1 John 3:16: “This is how we know what love is: Jesus Christ laid down his life for us. And we ought to lay down our lives for our brothers.” [We know the context of this scripture includes sisters. It also tells us that Jesus Christ “laid down His life for us.” So, what would Jesus do, in your marriage? Would he abandon His bride and tell her that he’s sorry, but the “in love” feeling is gone so there’s going to be no more laying down of lives here?]

1 John 3:18: “Dear children, let us not love with words or tongue but with actions and in truth.” [Does that mean that when the feeling of being “in love” is gone, we should take the action of abandoning our spouse?]

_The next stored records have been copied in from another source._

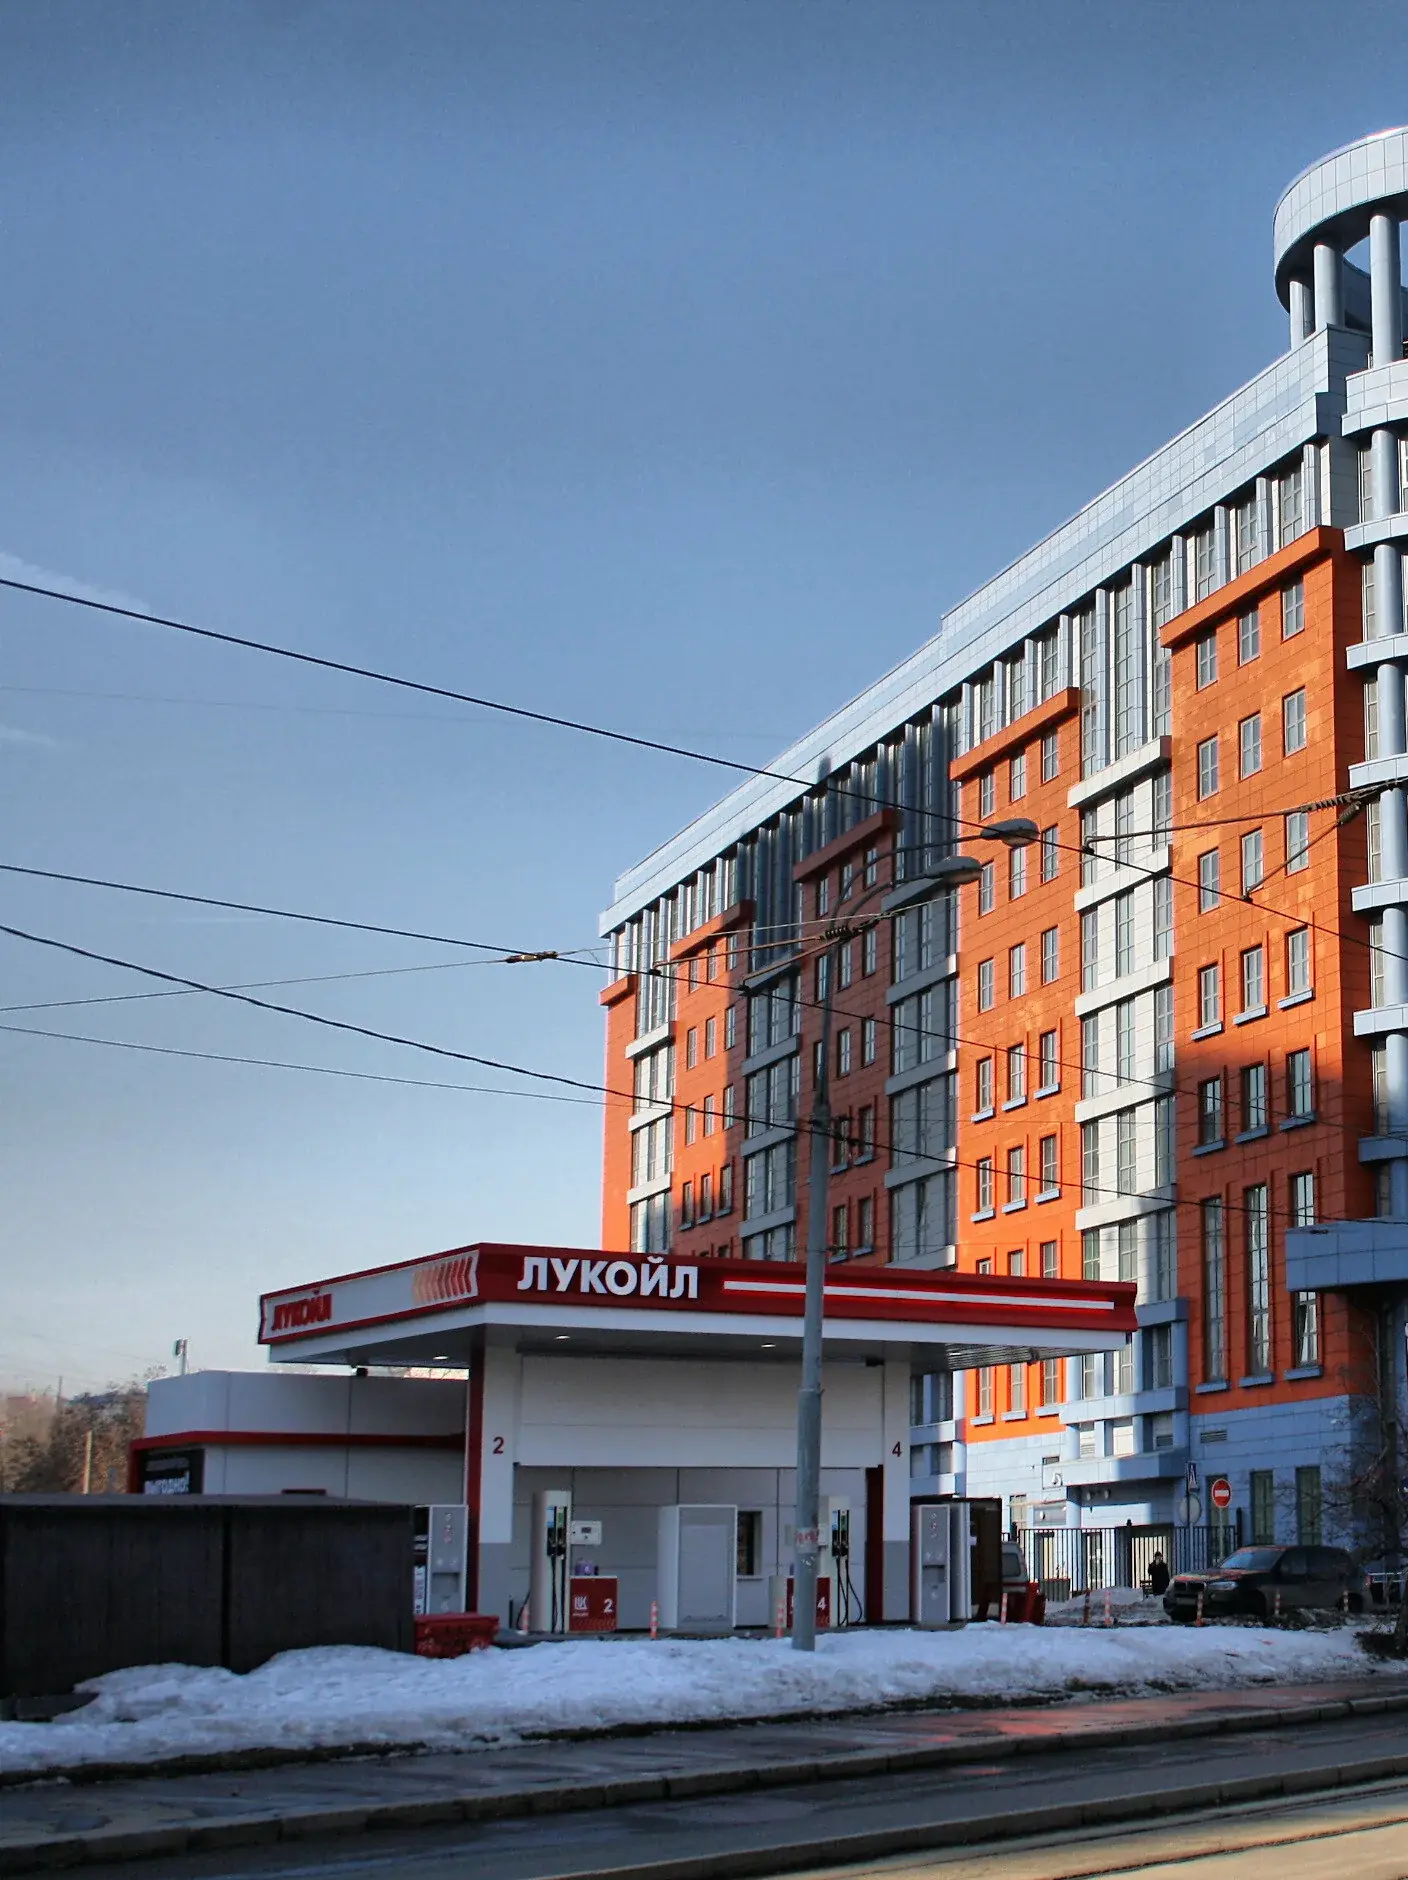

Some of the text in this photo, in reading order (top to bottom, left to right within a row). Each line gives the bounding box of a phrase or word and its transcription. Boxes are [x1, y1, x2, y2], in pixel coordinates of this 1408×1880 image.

[517, 1256, 699, 1299] ЛУКОЙЛ
[492, 1436, 505, 1454] 2
[891, 1441, 902, 1458] 4
[603, 1598, 613, 1613] 2
[817, 1596, 826, 1610] 4

1 John 4:8: “He that loves not knows not God; for God is love.” [We’re told God is love… not that He is the feeling of being “in love”]

Lord, Teach Us to Love

There are many, many more scriptures that tell us how to love one another. I dare say that if we follow what God says instead of what people are telling each other, in their own contagious ways, we’d see a whole lot less divorcing going on!

God can teach us how to love one another —after-all, God IS Love. Who better to teach us? The problem is that too many spouses get to the point where they abandon what God tells them to do, substitute what they hear from others —that which “tickles” their ears, and dump out of their marriages, in pursuit of the “feeling” of being “in love.”

Yes, they can find that feeling again. But it’s a horrible price for everyone else involved, to pay. The principles for TRULY loving each other, are the principles for living, which are laid out throughout the Bible. Follow them… live them, and you will truly love as Christ would have you. And the bonus is that you may very well start to feel “in love” again.

That’s what happened with my husband Steve and me. I thought I would never be able to recapture that feeling again. Not only has God helped me to get that feeling back, as I apply His principles, He keeps amping up the love. I DEEPLY love my husband. (Here’s a glimpse into part of that journey: What Cindy Wright Has Learned About Marriage.)

— ALSO —

Here’s a glimpse into some of the “principles for loving, which are the principles for living” that I refer to in this blog:

SCRIPTURES TO BRING YOU CLOSER IN YOUR MARRIAGE

SCRIPTURE VERSES ON COMMUNICATION

Cindy Wright of Marriage Missions International wrote this blog.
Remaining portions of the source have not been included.